#### Your assignment:
Copy all the records word for word, apart from any pictures.

#### Records for the exercise:
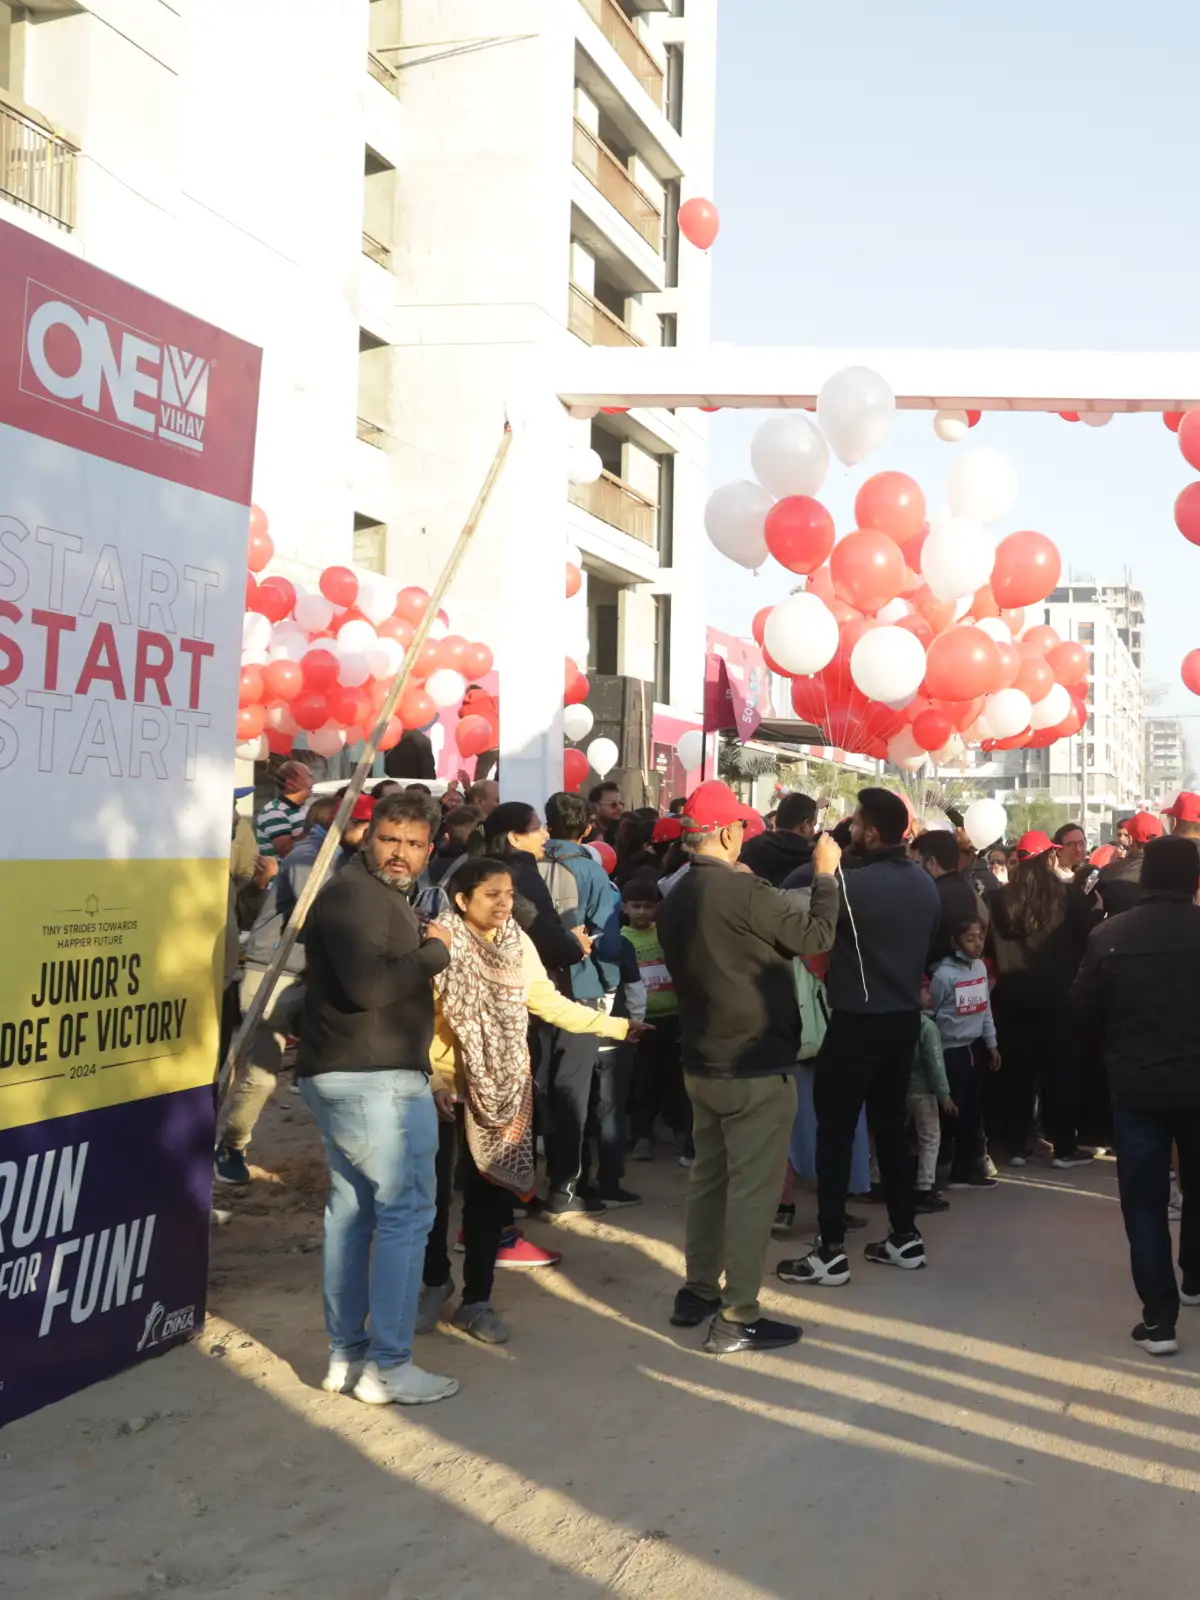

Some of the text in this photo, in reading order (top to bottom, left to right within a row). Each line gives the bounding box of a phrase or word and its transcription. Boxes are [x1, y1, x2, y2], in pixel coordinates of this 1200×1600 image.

[27, 300, 161, 434] ONE
[160, 404, 205, 440] VIHAV
[42, 920, 138, 935] TINY STRIDES TOWARDS
[57, 935, 123, 949] HAPPIER FUTURE
[31, 953, 142, 1008] JUNIOR'S
[0, 998, 187, 1069] DGE OF VICTORY
[69, 1064, 97, 1080] 2024
[38, 1214, 157, 1338] FUN!
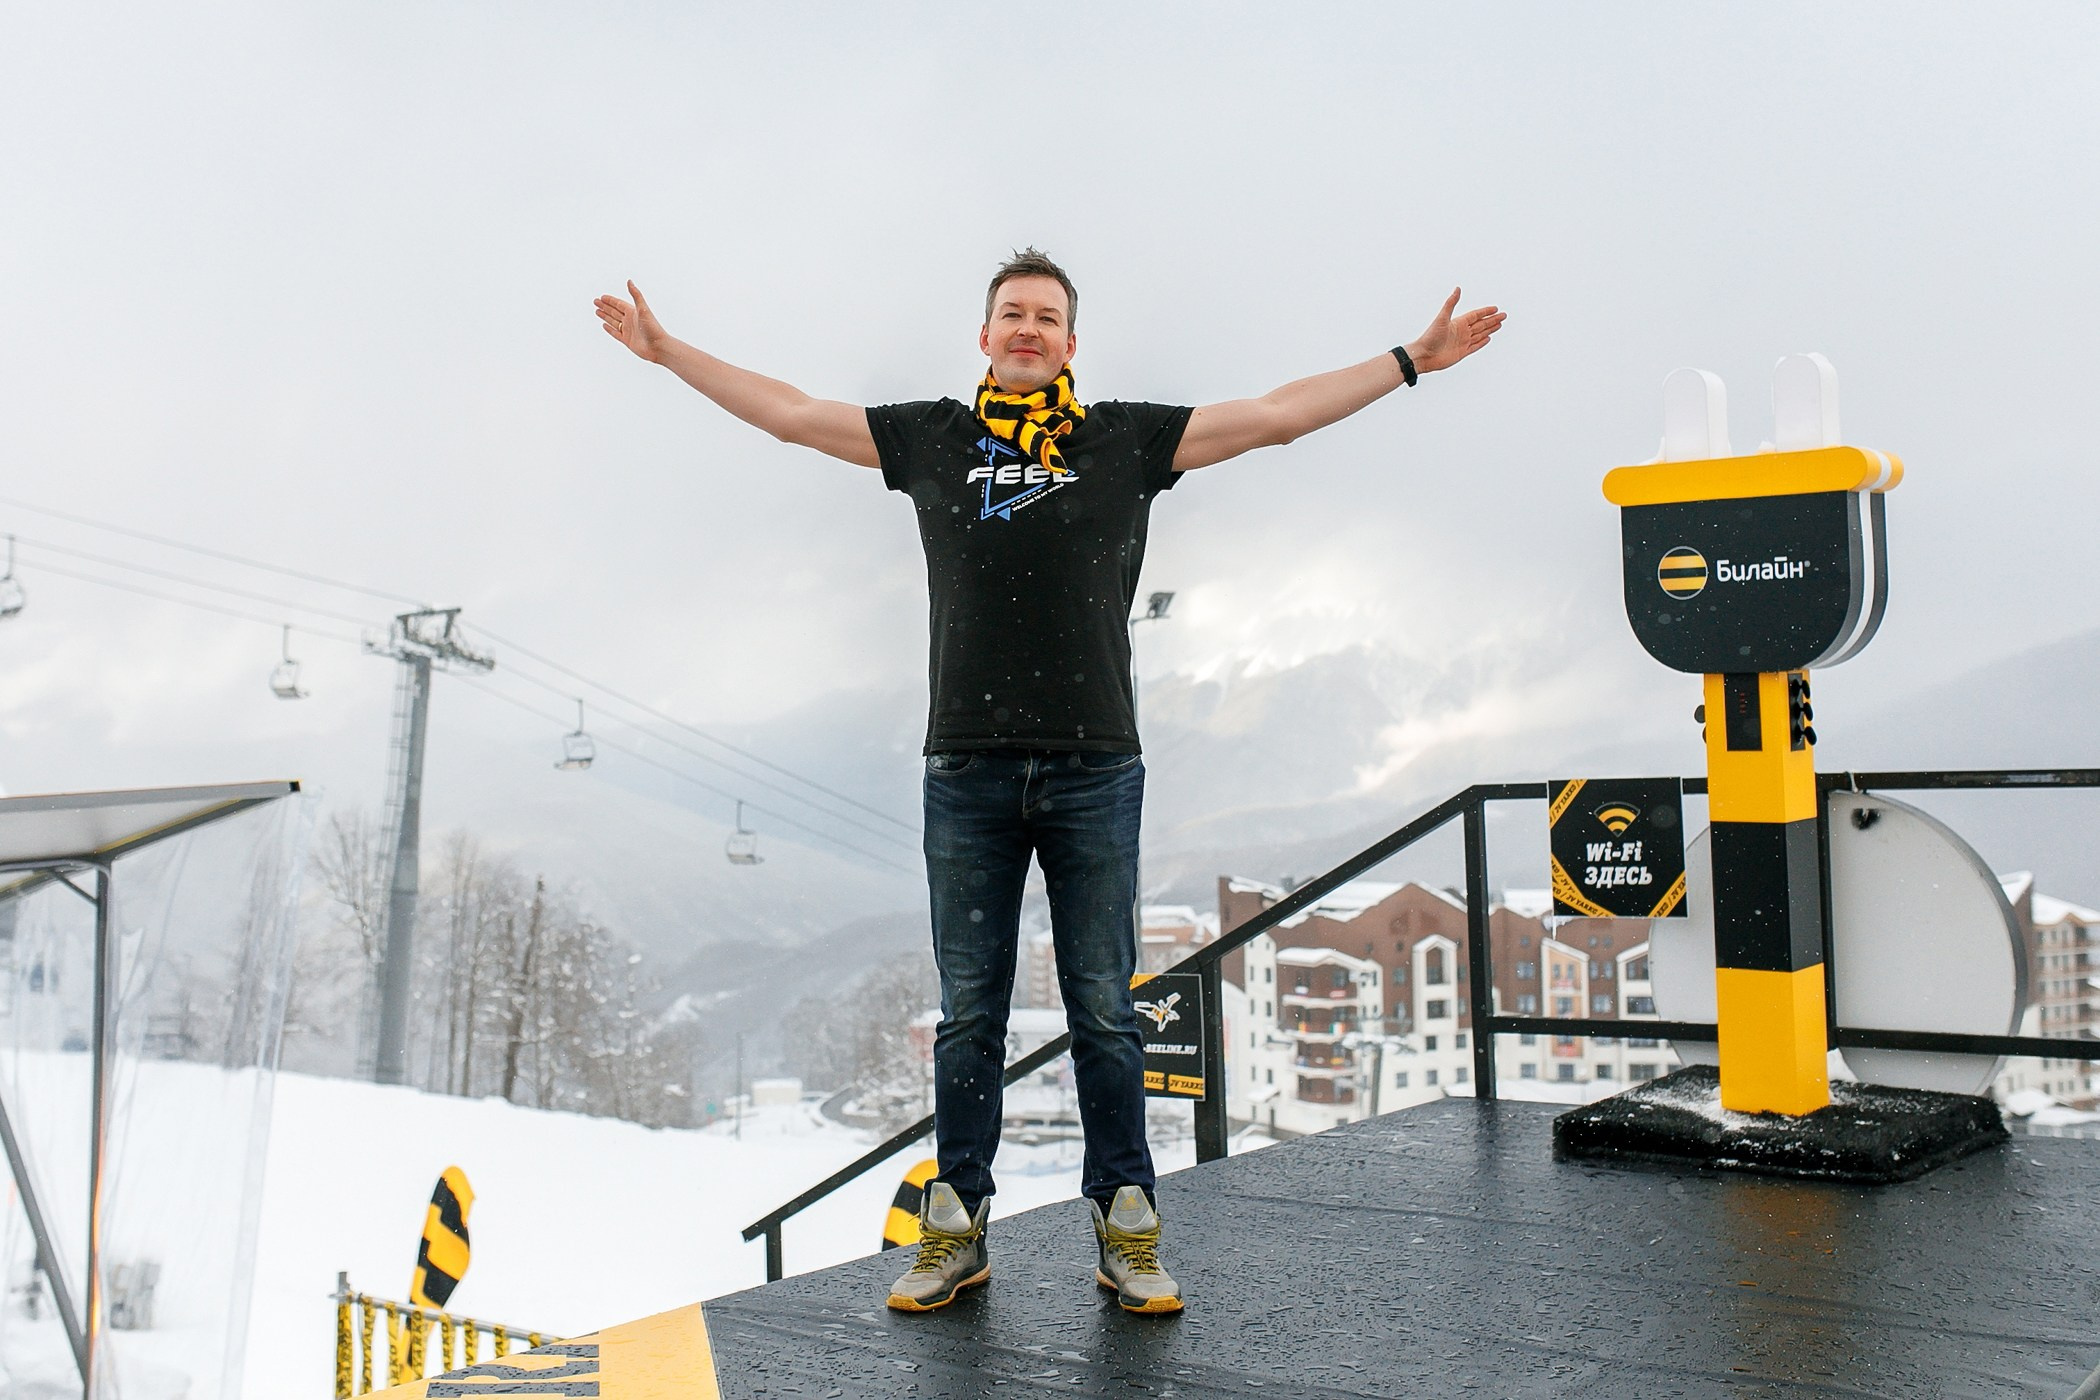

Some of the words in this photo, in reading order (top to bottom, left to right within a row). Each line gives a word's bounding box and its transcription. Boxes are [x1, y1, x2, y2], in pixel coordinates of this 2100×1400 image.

#### Exercise result:
Some of the text in this photo, in reading order (top to bottom, left to right within a row). Each line gives the bounding box of a phrase or word and its transcription. Boxes are [x1, y1, x2, y2], in pixel coordinates of this 1200×1600 image.

[27, 300, 161, 434] ONE
[160, 404, 205, 440] VIHAV
[42, 920, 138, 935] TINY STRIDES TOWARDS
[57, 935, 123, 949] HAPPIER FUTURE
[31, 953, 142, 1008] JUNIOR'S
[0, 998, 187, 1069] DGE OF VICTORY
[69, 1064, 97, 1080] 2024
[38, 1214, 157, 1338] FUN!

Some of the words in this photo, in reading order (top to bottom, left to right within a row). Each line gives a word's bounding box and its transcription. Boxes are [x1, y1, x2, y2], in pixel coordinates of this 2100×1400 image.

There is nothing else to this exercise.